Thread priority - is there any option?

Technical questions regarding the XTC tools and programming with XMOS.
User avatar
lilltroll
XCore Expert
Posts: 956
Joined: Fri Dec 11, 2009 3:53 am
Location: Sweden, Eskilstuna

Post by lilltroll »

FNOPs

It was done by -fschedule option when scheduling is enabled,
the assembler may reorder instructions to minimize the number of FNOPs
.
+ writing the code in such a way that it became compiled like handwritten ASM.
Instead of writing (using != 0 will make the compiler skip the comparison instruction for sure)

Code: Select all

#pragma unsafe arrays
		 for(int k=len;k!=0;k--)
		 {hi,lo}=macs(h[k],x[k+state],hi,lo);
I wrote

Code: Select all

		do {
			int d, e;
#pragma loop unroll
			for (int s = 0; s < 4; s++) {
				d = h[i];
				i--;
				e = x[ds];
				ds = i + state; // or use ds--;
				{	hi,lo}=macs(d,e,hi,lo);
			}
		} while (i != 0); // Skip
:!: Please review my understanding here, it might be wrong


lwd - 16bit, read SRAM
subi - 16bit, fetch ldw,add
lwd -16bit, read SRAM
add - 16bit, fetch maccs
maccs - 32bit, fetch branch - make no speculative operations
branch if not zero -16bit, fetch ldw,subi

The maccs get align in the 64 bit instruction buffer and the instruction buffer never gets empty in the loop after a branch. A new instruction fetch can only be done if no read/write operation is performed.

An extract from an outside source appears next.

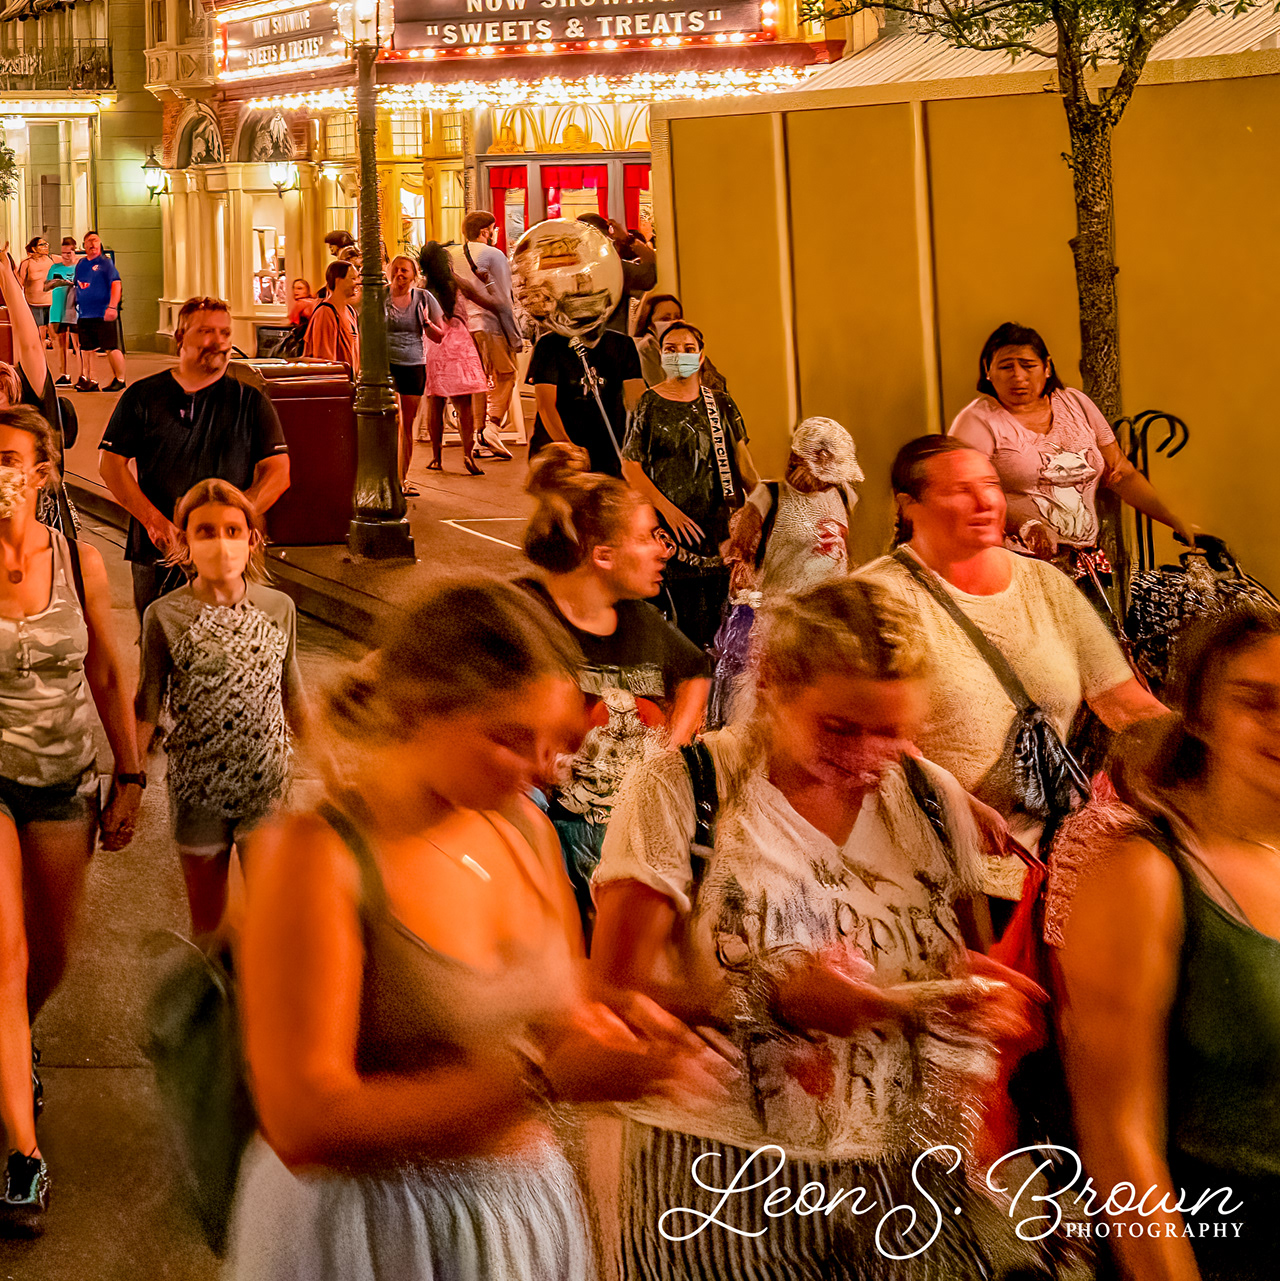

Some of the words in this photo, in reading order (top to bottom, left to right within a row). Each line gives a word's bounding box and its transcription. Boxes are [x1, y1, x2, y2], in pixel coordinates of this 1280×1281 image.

[426, 20, 552, 45] "SWEETS
[565, 18, 585, 38] &
[597, 9, 722, 38] TREATS"

The standard "for loop" compilation results in:
ldw
ldw
FNOP
macss
...

since the instruction buffer becomes empty after 2 ldw in a row after the branch.

Pipeline:
1 decode reg-write
2 reg-read
3 address ALU1 resource-test
4 read/write/fetch ALU2 resource-access schedule


XMOS:idea: the O3 or the -fschedule should recognize a MAC in a for-loop and reorder the instruction in a similar way.

If s=4, the computational burden becomes 5.25N+M for one thread, (N FIR filter taps) which is very good for a GP microcoputer.


Probably not the most confused programmer anymore on the XCORE forum.
User avatar
segher
XCore Expert
Posts: 844
Joined: Sun Jul 11, 2010 1:31 am

Post by segher »

Ah, fetch noop, I didn't get that from context.

Is the "s" loop not fully unrolled? It loops a fixed four times and the loop body
is very short, so the compiler should do that.

Then, it gets to hoist the additions out of the loop, so you get two LDWs and
a MAC only, per iteration of the inner loop. That gives a bubble, but you should
be able to put the bookkeeping insns from the outer loop in there.

That would make 4 cycles per inner loop iteration. Doing better requires quite
more massive surgery I suppose ;-)
User avatar
lilltroll
XCore Expert
Posts: 956
Joined: Fri Dec 11, 2009 3:53 am
Location: Sweden, Eskilstuna

Post by lilltroll »

Issued FNOPs can be viewed in XTA or in a simulation.
Then, it gets to hoist the additions out of the loop, so you get two LDWs and
a MAC only
I do not get how to fix the array index update outside the loop,

LDW
LDW
MAC
LDW
LDW
MAC

cannot run without FNOPs, since only the MAC makes a fetch. You have to make a fetch after each LDW
so it is best to use the fetch operations to something good like index update:

1 LDW no fetch
2 sub|add & fetch(3,4)
3 LDW no fetch
4 sub|add & fetch(5)
5 MAC&fetch(1,2)
1 LDW no fetch
2 sub|add & fetch(3,4)
3 LDW no fetch
4 sub|add & fetch(5)
5 MAC (includes fetch)

(The example includes double buffering of the data outside the loop)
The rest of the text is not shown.